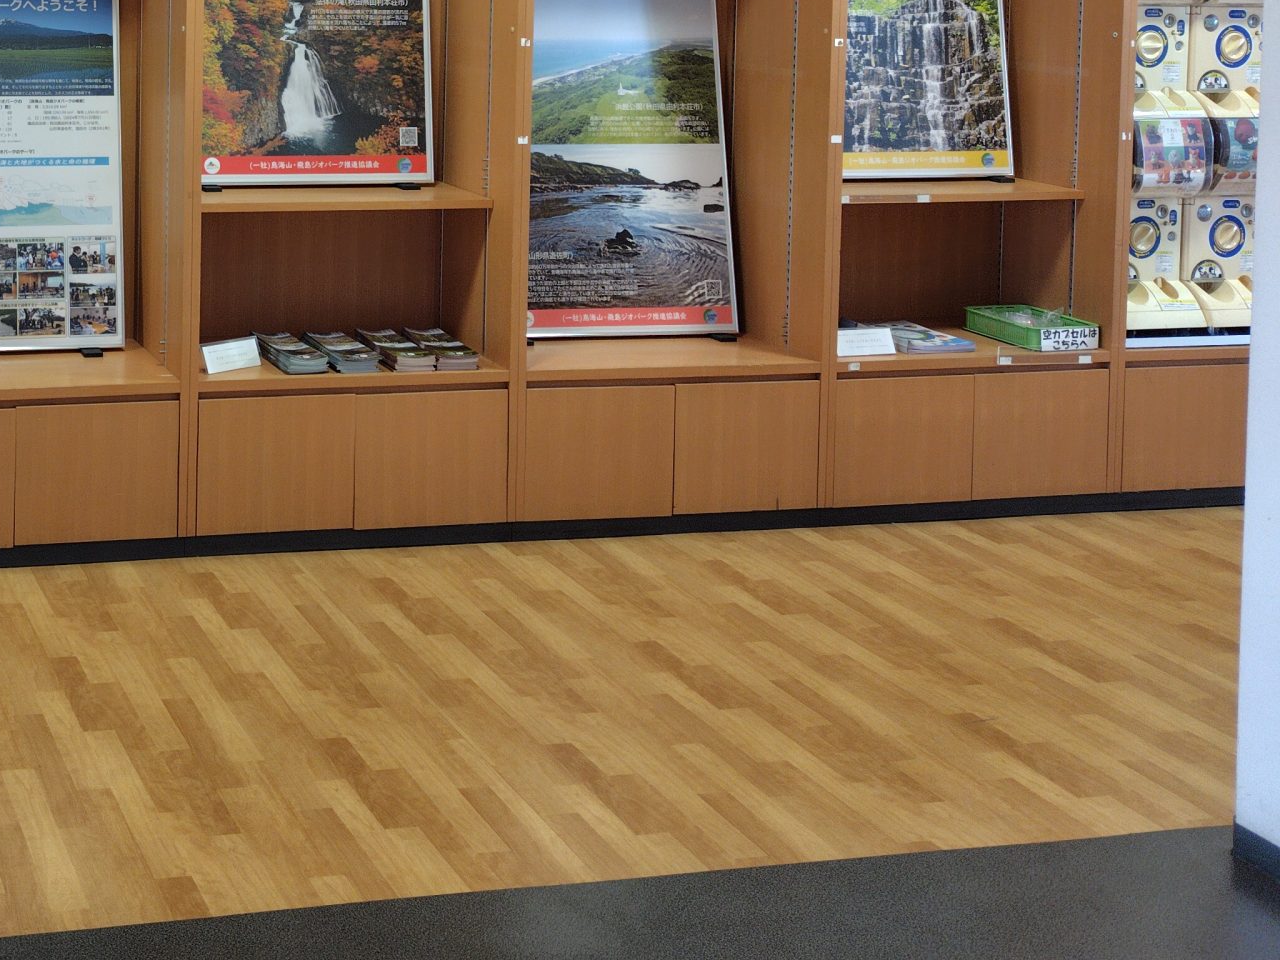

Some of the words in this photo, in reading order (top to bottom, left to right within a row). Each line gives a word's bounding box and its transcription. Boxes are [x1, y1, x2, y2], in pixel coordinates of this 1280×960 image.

[1042, 328, 1098, 340] 空カプセルは
[1052, 339, 1089, 350] こちらへ
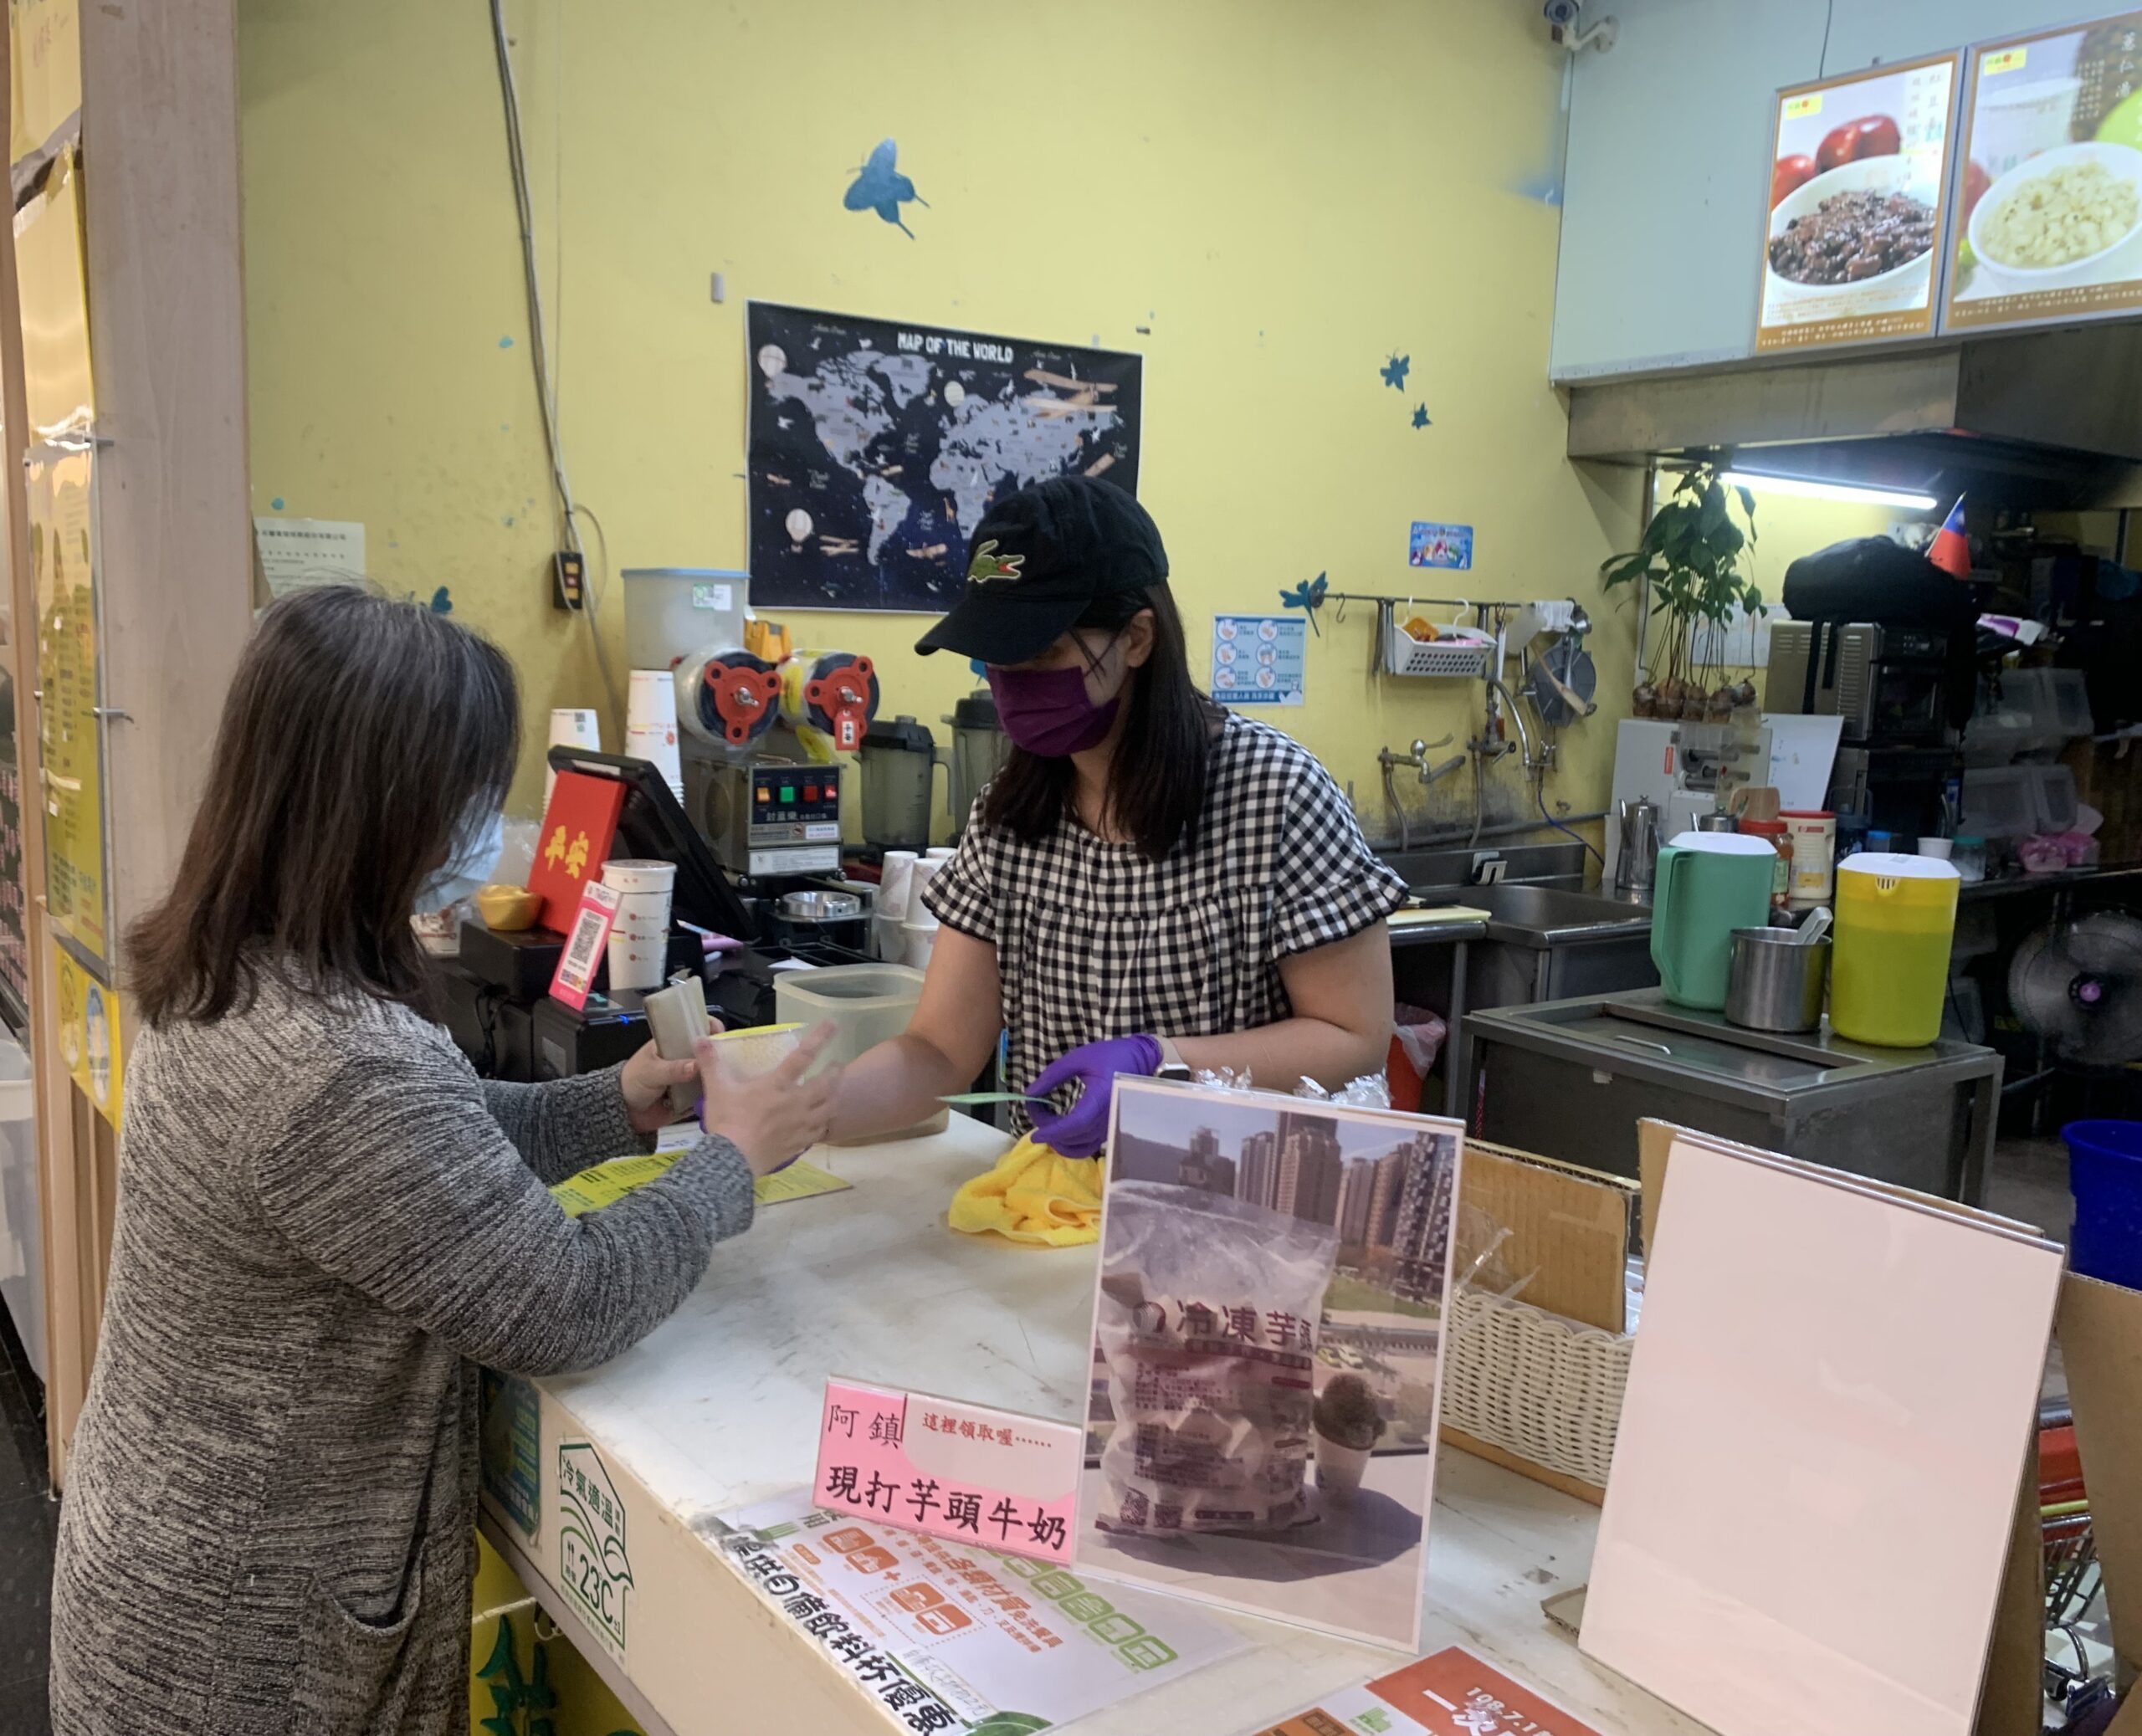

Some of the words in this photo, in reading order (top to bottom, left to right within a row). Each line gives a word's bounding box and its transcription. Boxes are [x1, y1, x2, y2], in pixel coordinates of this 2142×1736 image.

[897, 332, 924, 352] MAP
[925, 335, 943, 355] OF
[946, 338, 971, 358] THE
[973, 341, 1014, 364] WORLD
[828, 1405, 902, 1449] 阿鎮
[562, 1455, 613, 1529] 冷氣適溫
[825, 1466, 1066, 1550] 現打芋頭牛奶
********************
*Work required:*
All the records need to be printed again exactly as written, though without their pictures.

*Completed task:*
Some of the words in this photo, in reading order (top to bottom, left to right within a row). Each line gives a word's bounding box and its transcription. Boxes are [x1, y1, x2, y2], in pixel coordinates of this 1280×960 image.

[1042, 328, 1098, 340] 空カプセルは
[1052, 339, 1089, 350] こちらへ

Some of the words in this photo, in reading order (top to bottom, left to right within a row). Each line gives a word's bounding box and its transcription. Boxes are [x1, y1, x2, y2], in pixel coordinates of this 2142×1736 image.

[897, 332, 924, 352] MAP
[925, 335, 943, 355] OF
[946, 338, 971, 358] THE
[973, 341, 1014, 364] WORLD
[828, 1405, 902, 1449] 阿鎮
[562, 1455, 613, 1529] 冷氣適溫
[825, 1466, 1066, 1550] 現打芋頭牛奶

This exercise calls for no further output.